§ **About this task**
Retype the records in full, and please keep the pictures out of the copy.

::::::

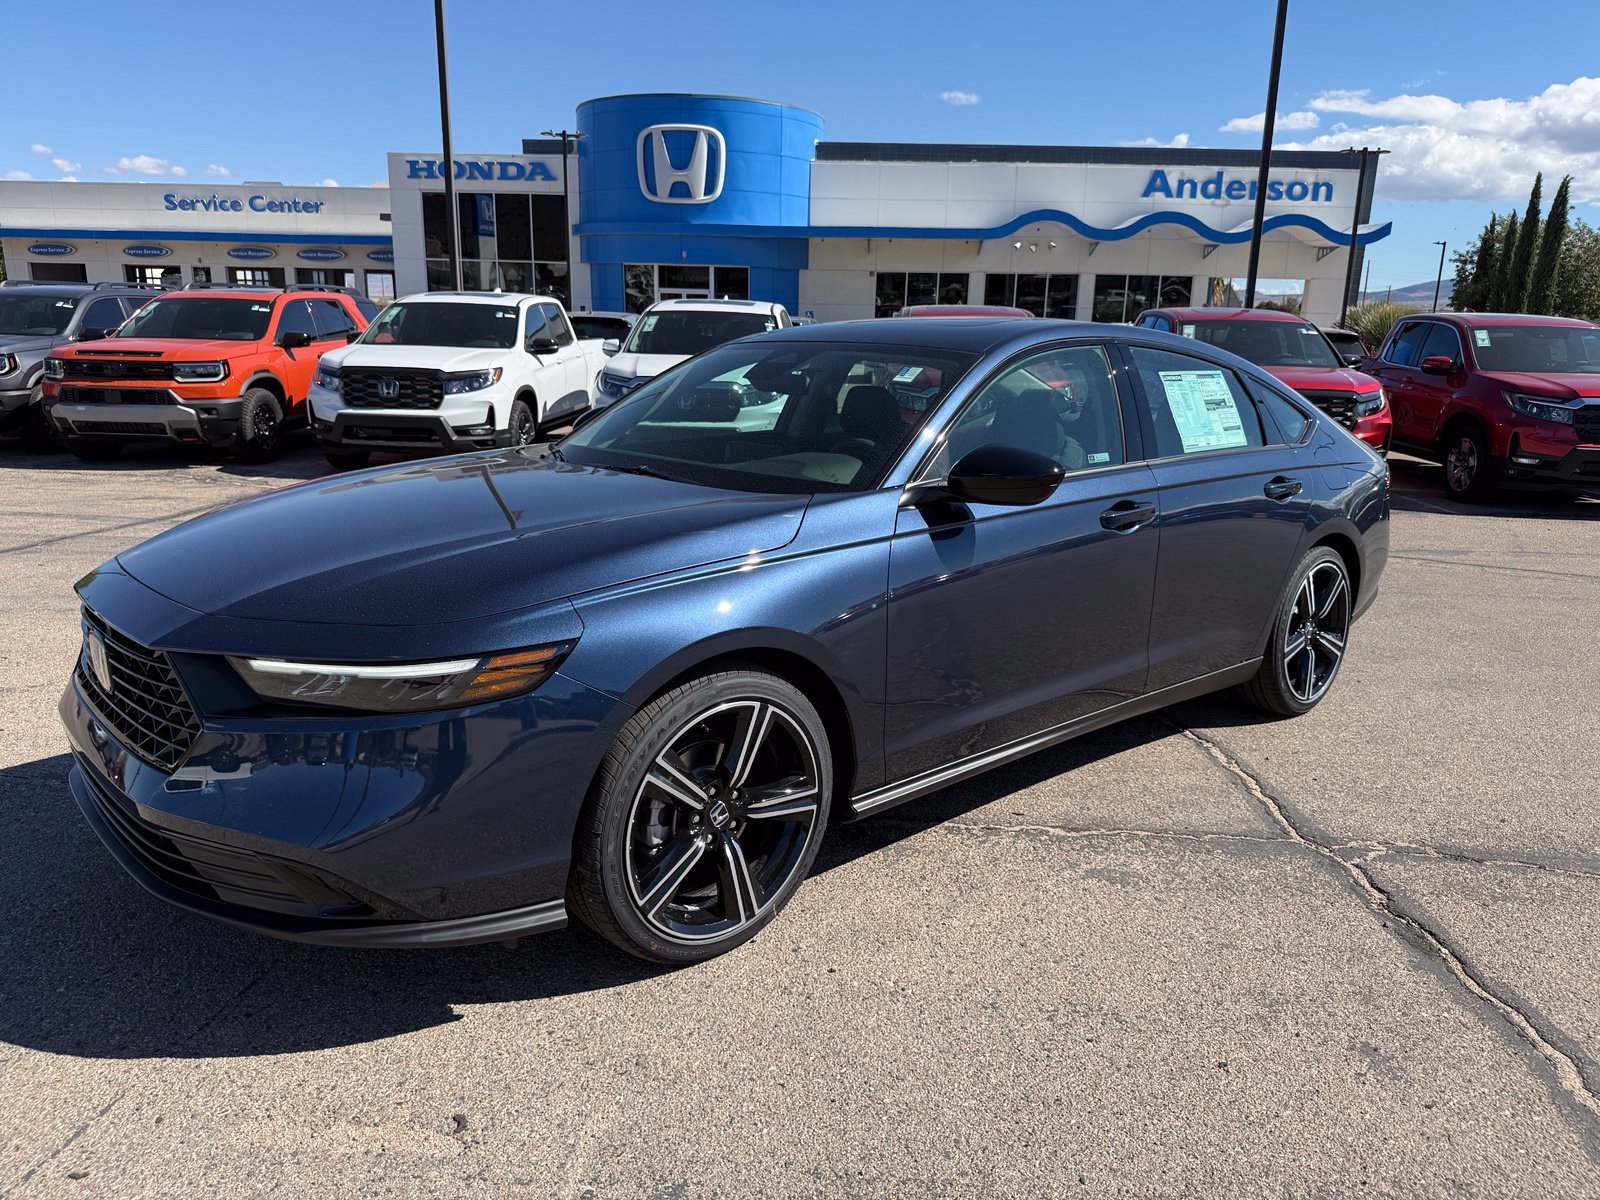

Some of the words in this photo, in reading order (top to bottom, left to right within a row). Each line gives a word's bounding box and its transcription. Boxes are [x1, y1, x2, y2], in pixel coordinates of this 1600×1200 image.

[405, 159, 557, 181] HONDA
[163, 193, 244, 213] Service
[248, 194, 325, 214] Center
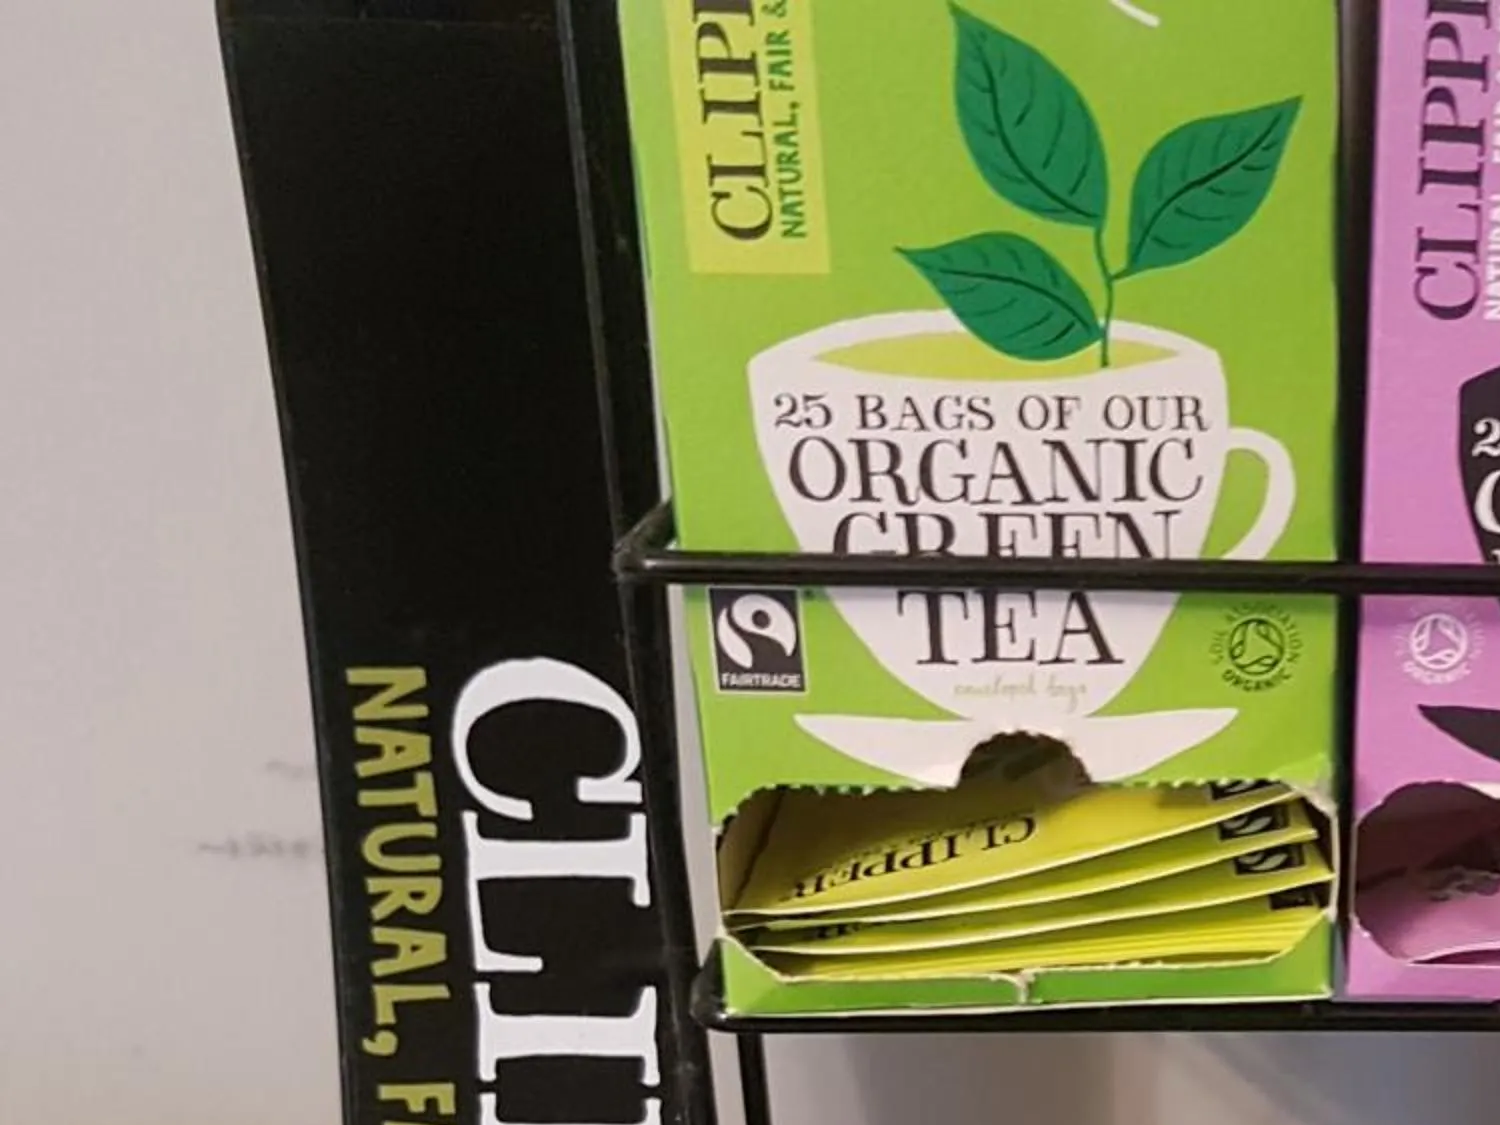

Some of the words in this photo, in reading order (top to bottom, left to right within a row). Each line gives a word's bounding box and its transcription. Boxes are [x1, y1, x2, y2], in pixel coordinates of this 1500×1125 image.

::::::

§ **Output for this exercise**
Some of the words in this photo, in reading order (top to bottom, left to right within a row). Each line gives a word's bounding box and its transcription. Boxes are [x1, y1, x2, y2], in pixel coordinates of this 1600×1200 image.

[405, 159, 557, 181] HONDA
[163, 193, 244, 213] Service
[248, 194, 325, 214] Center

Some of the words in this photo, in reading order (top to bottom, left to right within a row). Each line gives a word's bounding box and its transcription. Boxes are [x1, y1, x2, y2], in pixel coordinates of this 1500×1125 image.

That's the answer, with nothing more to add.